**ASSIGNMENT**. Restate every entry verbatim; drop the pictures.

LISTED ENTRIES section start

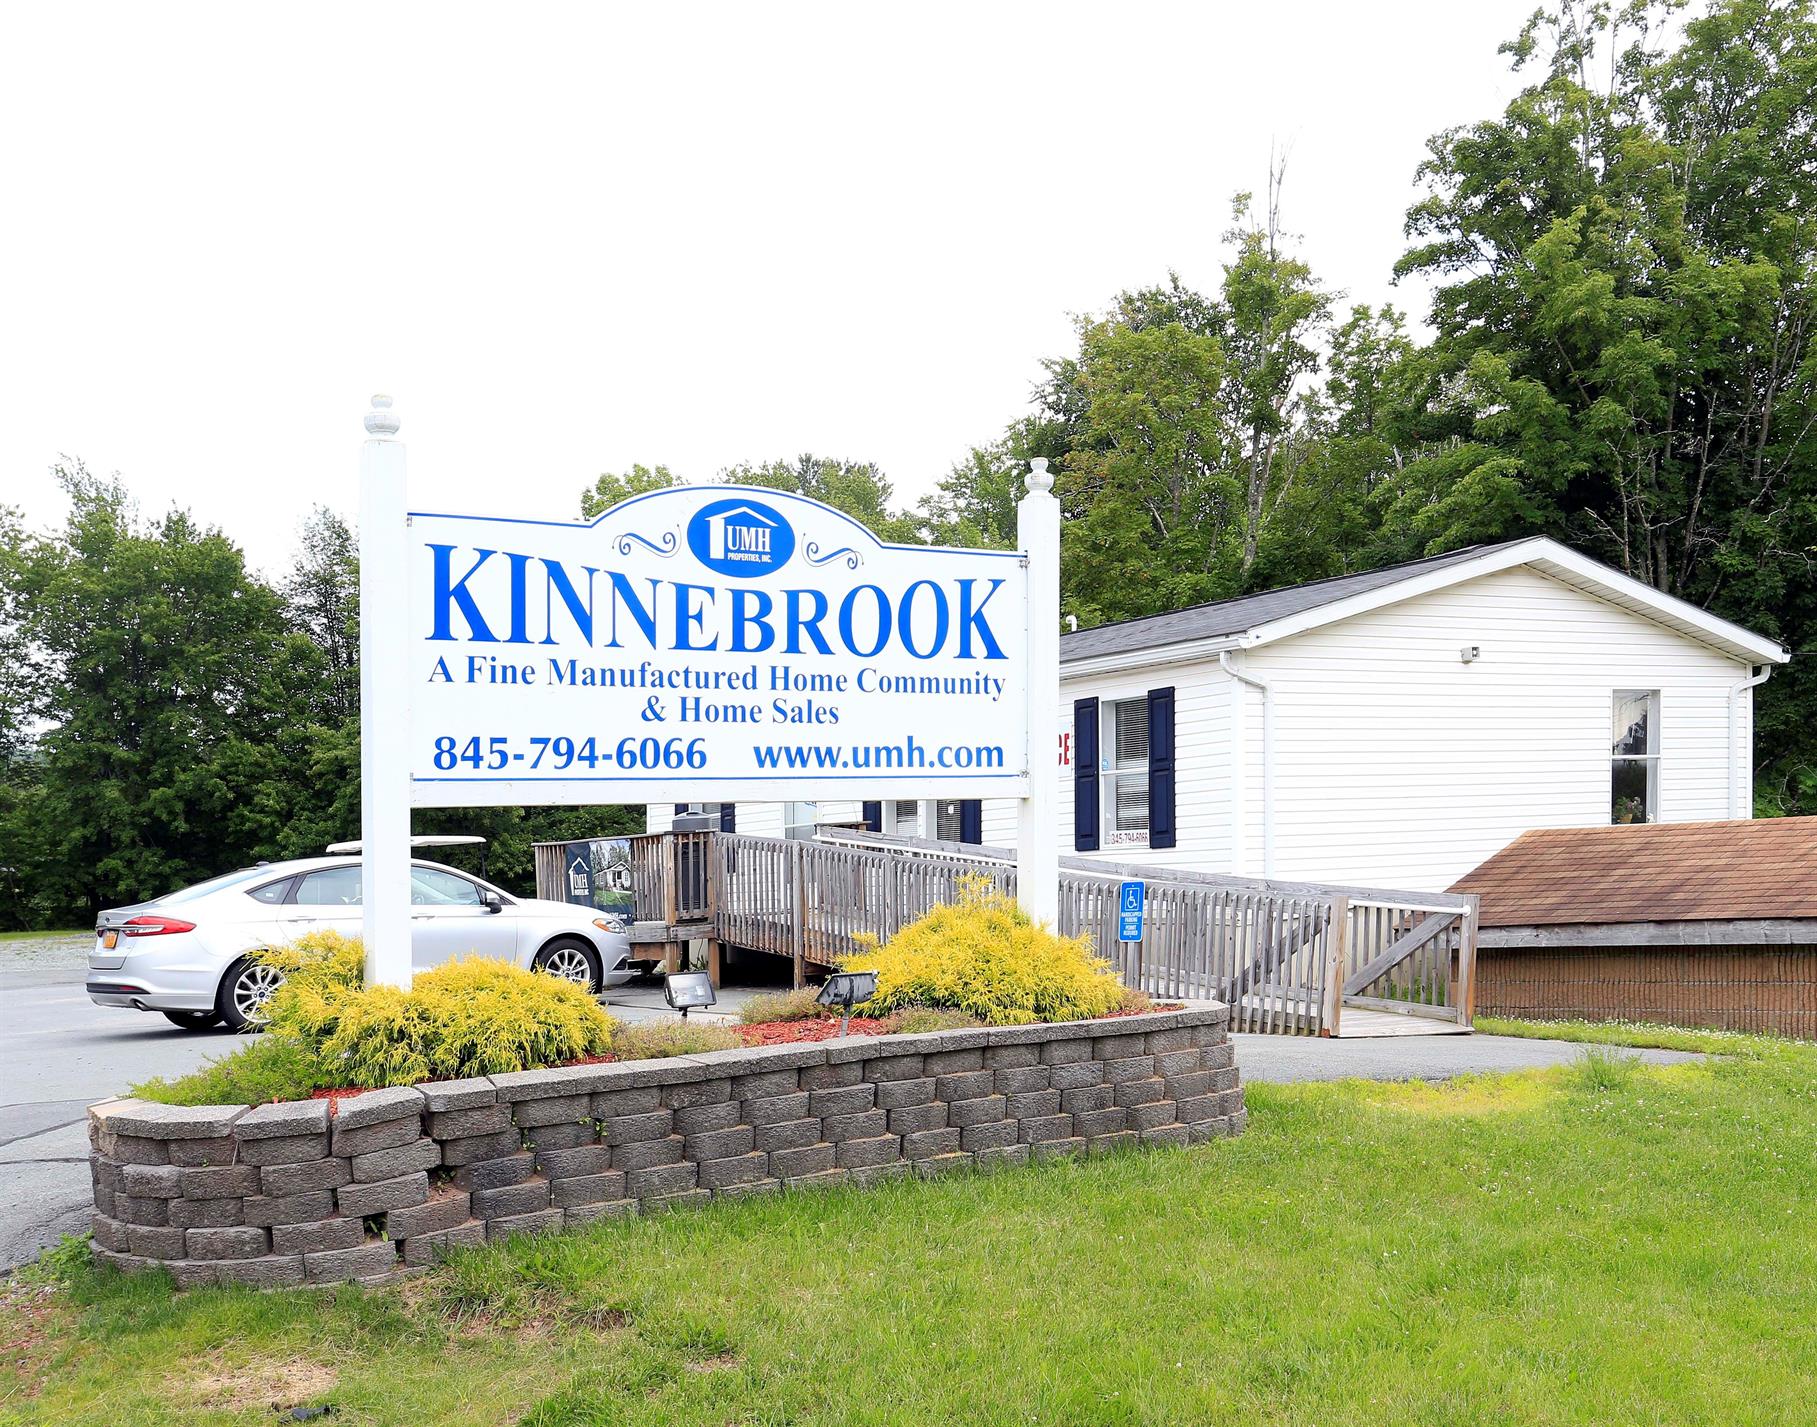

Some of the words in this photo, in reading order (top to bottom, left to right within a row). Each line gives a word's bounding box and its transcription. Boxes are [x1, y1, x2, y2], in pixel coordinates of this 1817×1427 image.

[726, 525, 771, 553] UMH
[727, 552, 760, 563] PROPERTIES,
[761, 554, 773, 563] INC.
[424, 543, 1010, 660] KINNEBROOK
[428, 655, 455, 683] A
[464, 655, 536, 685] Fine
[547, 658, 758, 690] Manufactured
[768, 665, 848, 692] Home
[856, 668, 1006, 701] Community
[641, 695, 667, 722] &
[679, 696, 763, 723] Home
[772, 697, 840, 724] Sales
[433, 736, 708, 770] 845-794-6066
[752, 735, 1004, 768] www.umh.com

LISTED ENTRIES section end

**TASK SOLUTION**.
Some of the words in this photo, in reading order (top to bottom, left to right within a row). Each line gives a word's bounding box and its transcription. Boxes are [x1, y1, x2, y2], in pixel coordinates of this 1817×1427 image.

[726, 525, 771, 553] UMH
[727, 552, 760, 563] PROPERTIES,
[761, 554, 773, 563] INC.
[424, 543, 1010, 660] KINNEBROOK
[428, 655, 455, 683] A
[464, 655, 536, 685] Fine
[547, 658, 758, 690] Manufactured
[768, 665, 848, 692] Home
[856, 668, 1006, 701] Community
[641, 695, 667, 722] &
[679, 696, 763, 723] Home
[772, 697, 840, 724] Sales
[433, 736, 708, 770] 845-794-6066
[752, 735, 1004, 768] www.umh.com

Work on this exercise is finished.